Read the ruling and dissent in full here.
The district is reviewing the ruling and considering its next steps. Spokesman Jim Skelly told Courthouse News that the district thought it was following state guidance in creating the “enhanced privacy” area.
“The district believed that it was following guidance, so it’s not like the district was challenging guidance from the state or from other sources,” he explained. “Our goal is to have a district free from discrimination … that’s what we believed we were doing in that situation, but the court had a different opinion.”
As previously reported, while some view transgenderism and gender confusion as a medical condition, Christians believe the matter is also, at its root, a spiritual issue — one that stems from the same predicament all men everywhere face without Christ.
The Bible teaches that all are born with the Adamic sin nature, having various inherent feelings and inclinations that are contrary to the law of God, and being utterly incapable of changing by themselves.
It is why Jesus came: to “save His people from their sins” (Matthew 1:21).
Scripture outlines that Jesus came to be the propitiation for men’s sins (1 John 2:2; 1 John 4:10), a doctrine in Christianity known as substitutionary atonement, and to save men from the wrath of God for their violations against His law (Romans 4:25, Romans 5:9, Romans 5:16), a doctrine known as justification.
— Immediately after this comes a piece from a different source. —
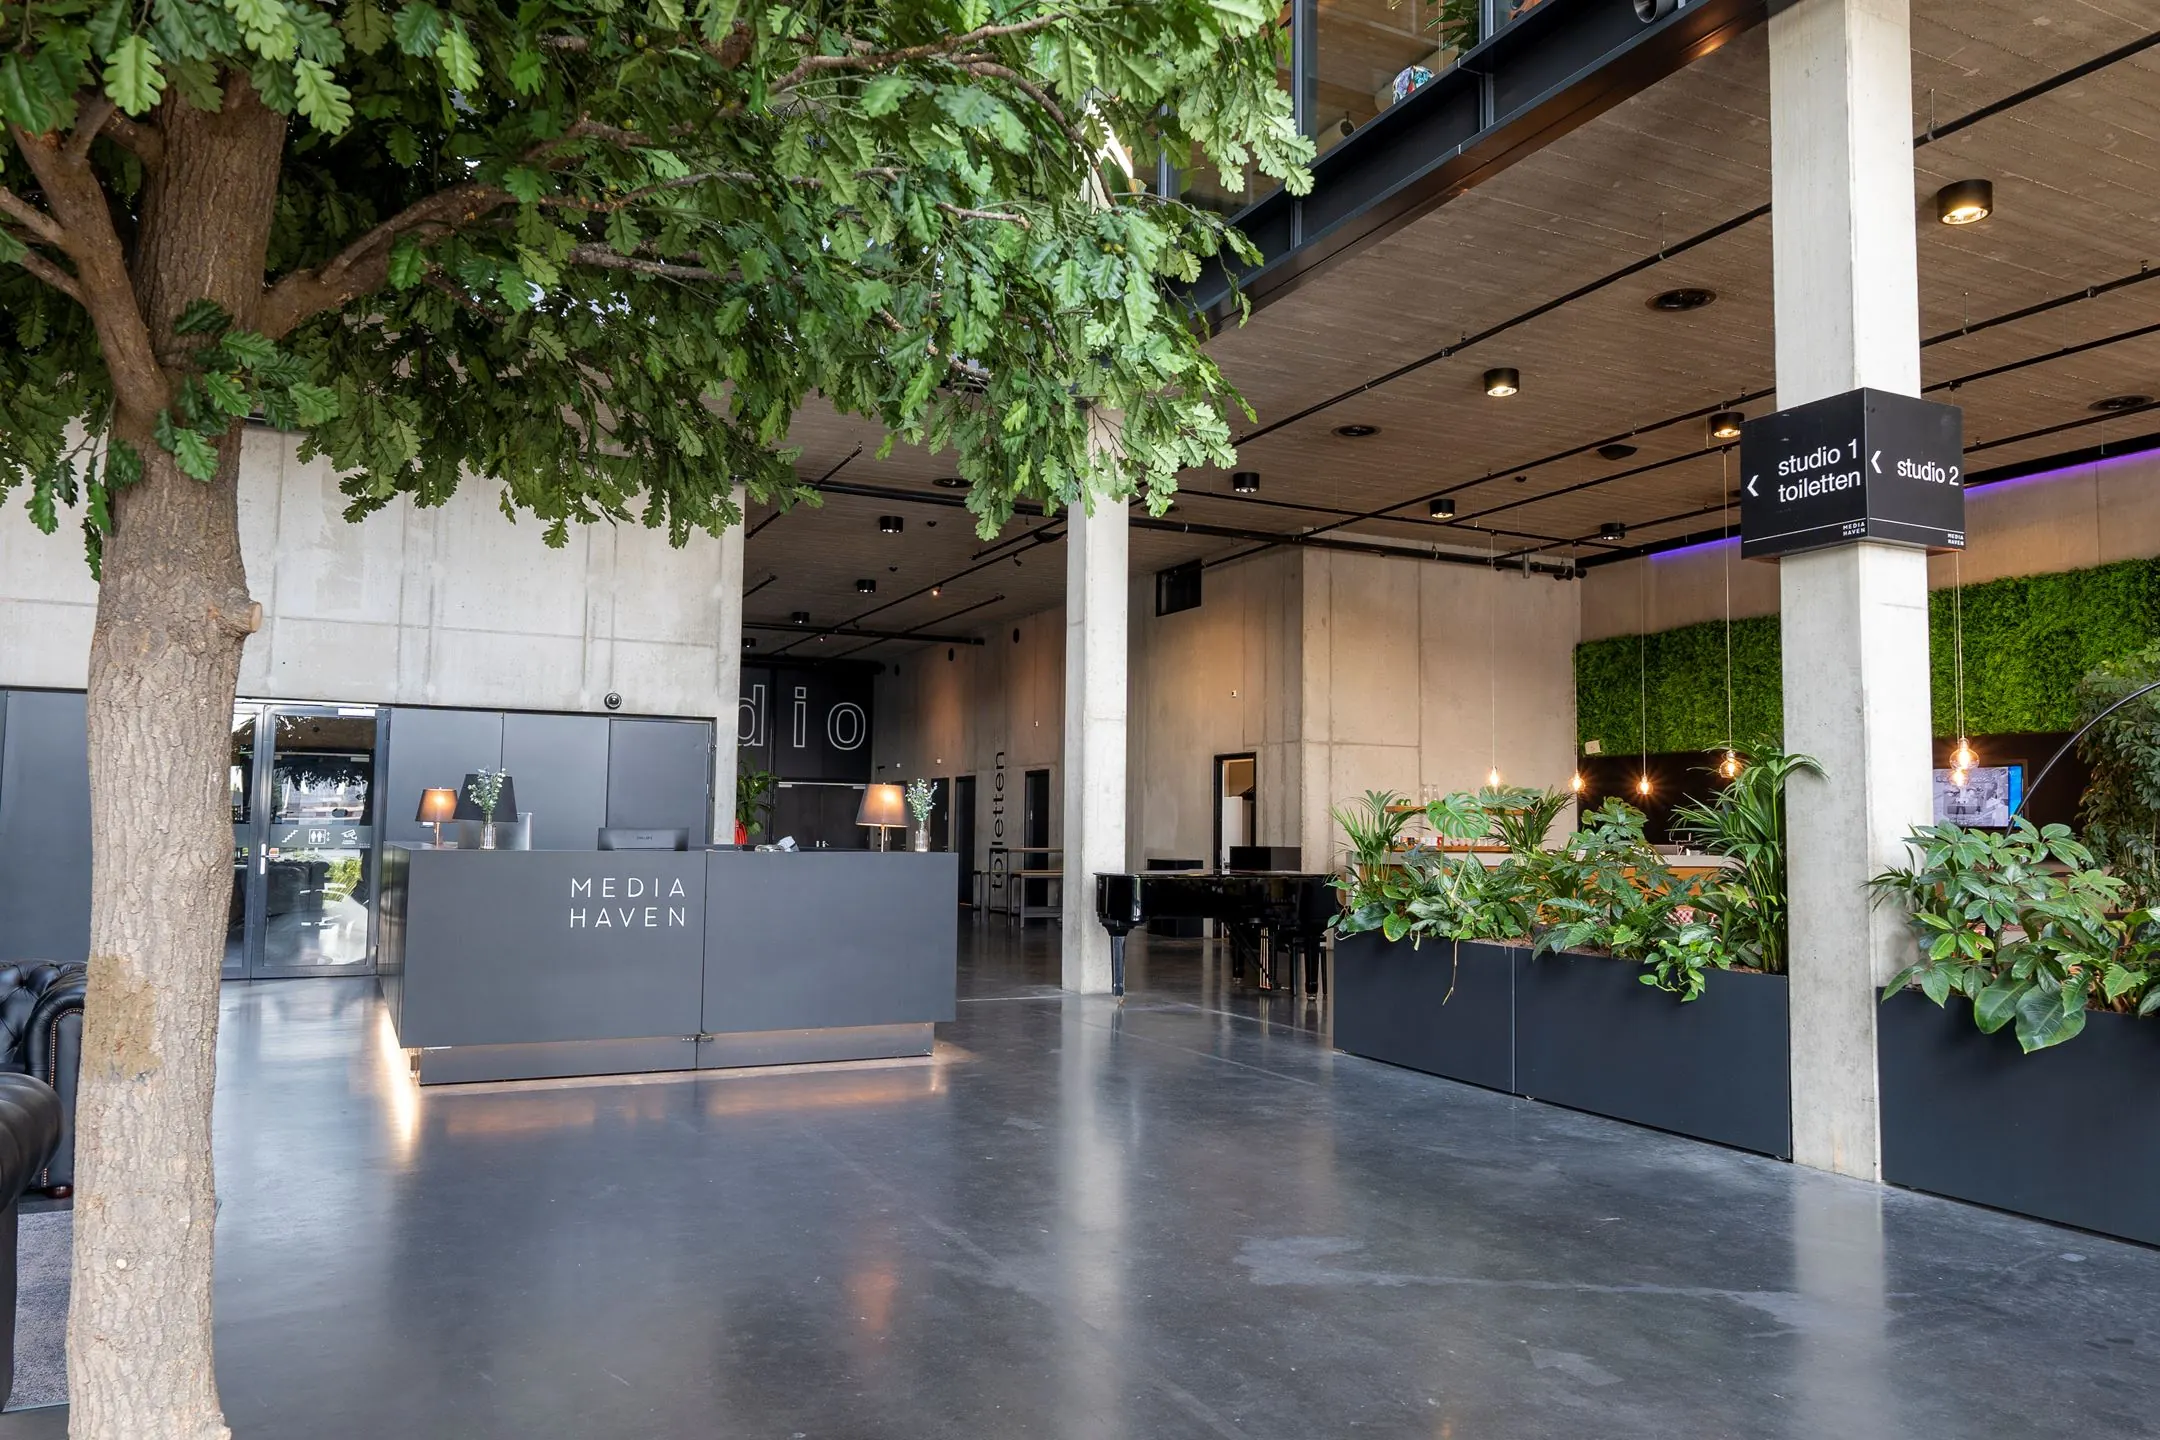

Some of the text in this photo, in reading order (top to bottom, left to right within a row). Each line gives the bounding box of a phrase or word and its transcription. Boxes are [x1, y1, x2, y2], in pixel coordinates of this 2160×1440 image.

The Bible also teaches about regeneration, as in addition to sparing guilty men from eternal punishment, Christ sent his Holy Spirit to make those who would repent and believe the gospel new creatures in the here and now, with new desires and an ability to do what is pleasing in the sight of God by His indwelling and empowerment (Ezekiel 11:19, 2 Corinthians 5:17, Titus 3:5).
Jesus said that men must be born again, and have their very nature transformed by the Spirit from being in Adam to being in Christ, or they cannot see the Kingdom of God (John 3:3-8).
The late Anglican preacher J.C. Ryle once said, “Can any change his own heart? No! The thing is impossible. We can no more quicken and impart life to our souls than we can to our bodies; we can no more rise and become new men in our own strength than wash away sins by our own performances. It is impossible! The natural man is as helpless as Lazarus was when he lay still and cold and motionless in the tomb. We may remove the stone, as it were, and expose the sad work of death — but we can do no more.”
“There must be a power far mightier than any power of earth in exercise before the natural man can awake and arise and come forth as a new creature. And to do all this is the special office of the Spirit of Christ, the Holy Spirit, whom Jesus promised to send. It is He who quickens; it is He who gives life.”